In a press release from May 12, the HIV Prevention Trials Network released the results of their study which claims that administering antiretroviral (ART) drugs immediately after diagnosing HIV can reduce transmission rates by 96%. This is as opposed to administering ART drugs following an observed reduction of white blood cell (CD4) count.
The study was called HPTN 052 and its results were examined by a Data and Safety Monitoring Board (DSMB) which concluded that these results be immediately relayed to physicians and patients of HIV. The study was initiated in 2005 and involved over 1700 participants across three continents.

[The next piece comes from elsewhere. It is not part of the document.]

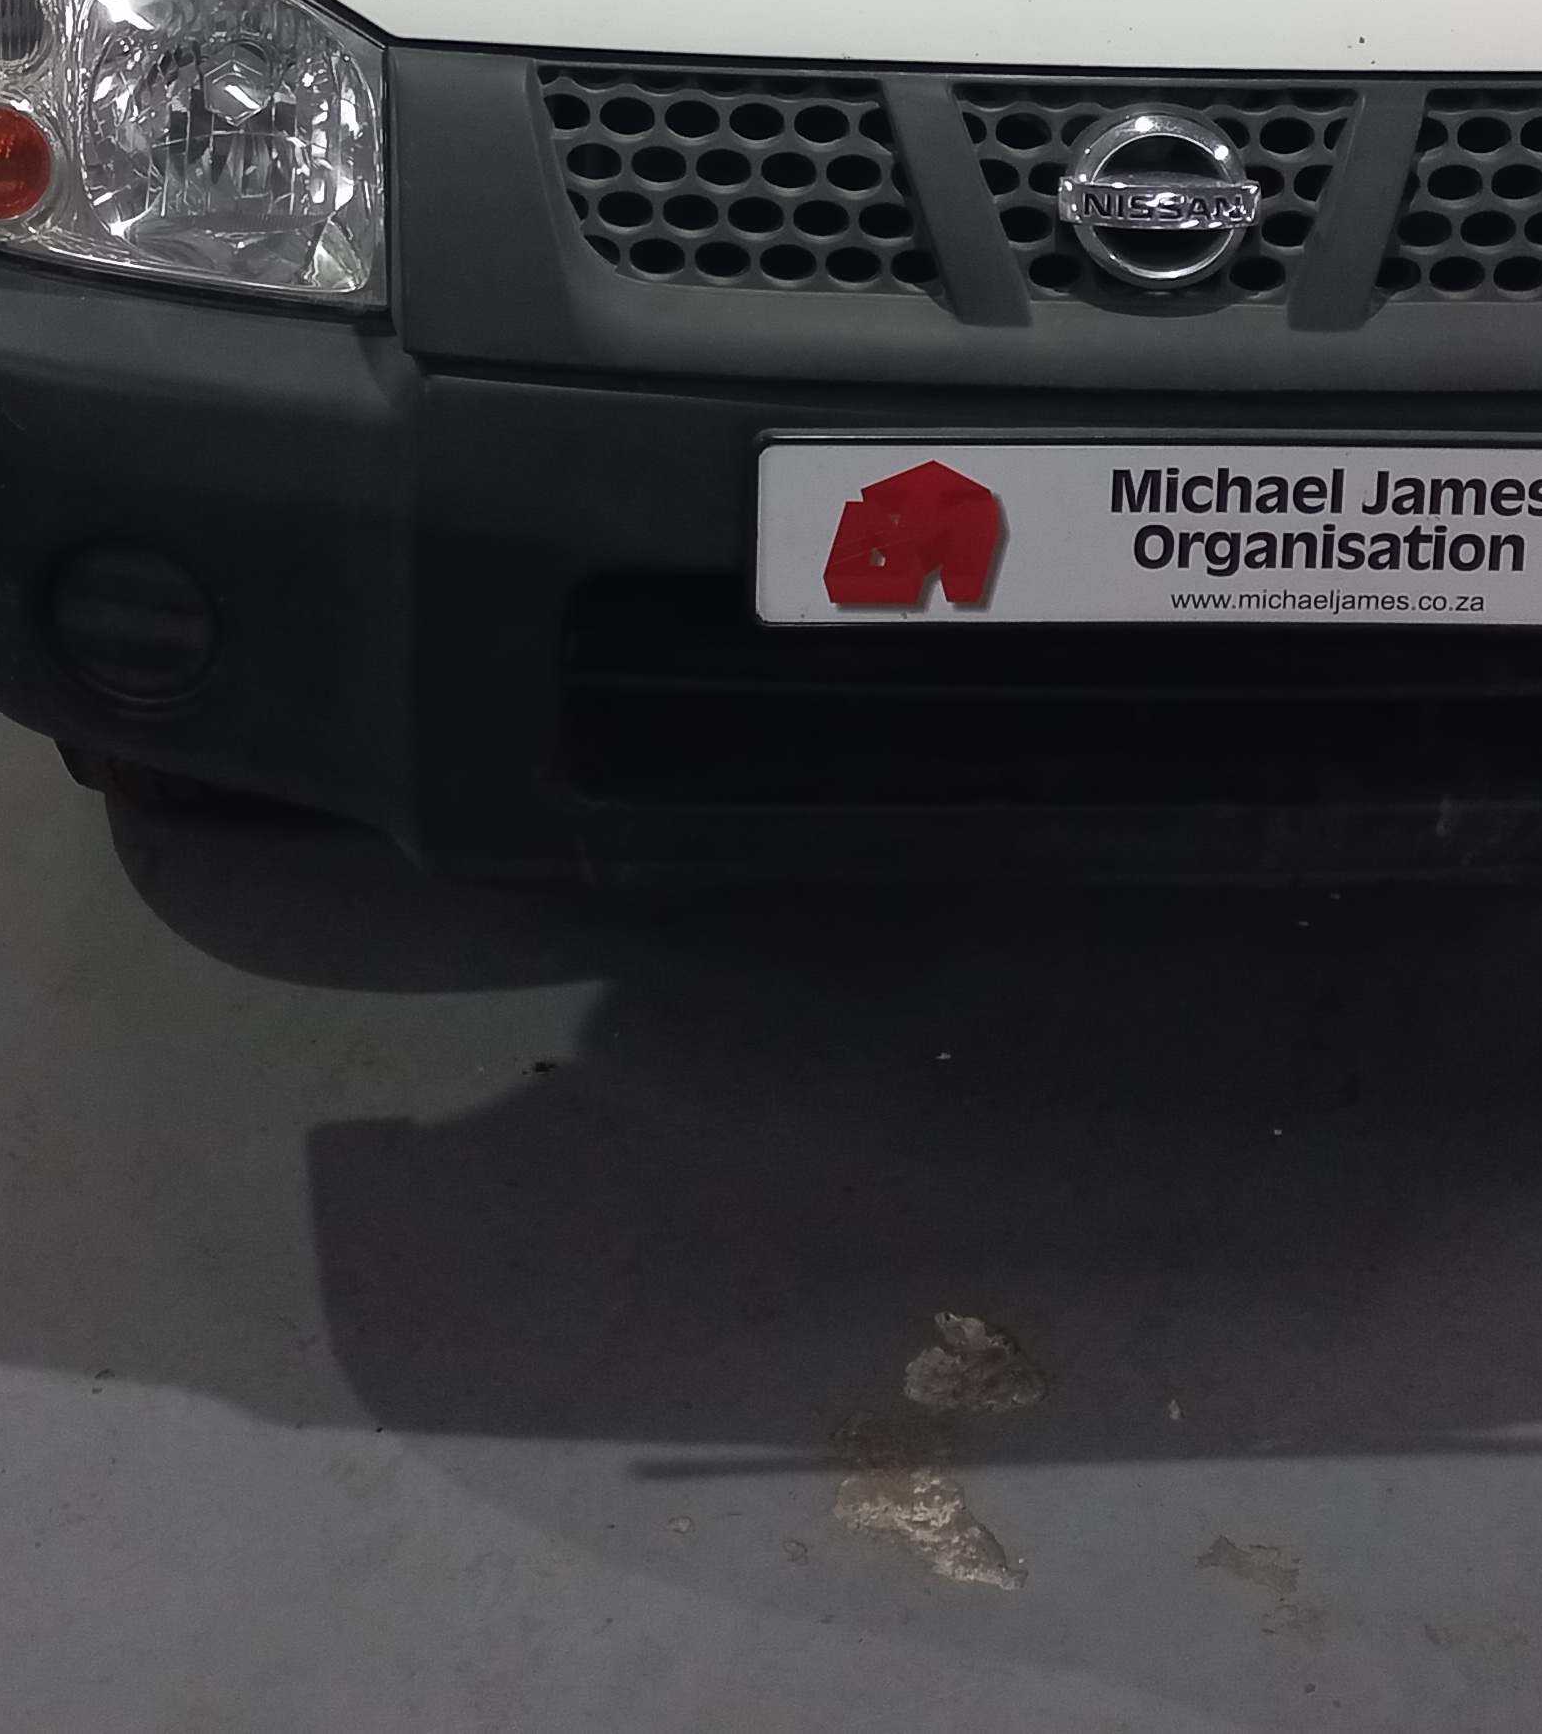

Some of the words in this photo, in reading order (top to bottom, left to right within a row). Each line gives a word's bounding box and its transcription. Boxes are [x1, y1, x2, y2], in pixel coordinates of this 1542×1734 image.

[1083, 192, 1246, 221] NISSAN
[1110, 467, 1345, 515] Michael
[1133, 524, 1526, 575] Organisation
[1170, 589, 1484, 615] www.michaeljames.co.za

The participants were split into two groups. The first were HIV positive patients who’s CD4 count was between 350-550 cells/cubic millimeter. These patients did not require HIV treatment. The second group had a CD4 count of below 250 cells/cubic millimeter or had AIDS and required immediate treatment with ART drugs. Both groups were given equal amounts of care and counseling.
When the results were obtained it was found that in the second group, there were 27 cases of transmission in contrast to 1 case in the first group. This indicates that if HIV diagnosed patients immediately begin treatment instead of waiting for CD4 levels to fall, the risk of transmission is monumentally reduced.
Though these results give a very positive outlook for people who suffer the burden of HIV, further research is still required to understand how this observation arises, and what can be done to fully eradicate HIV. This study was funded by the National Institute for Allergy and Infectious Diseases (NIAID) and the US National Institutes of Health (NIH).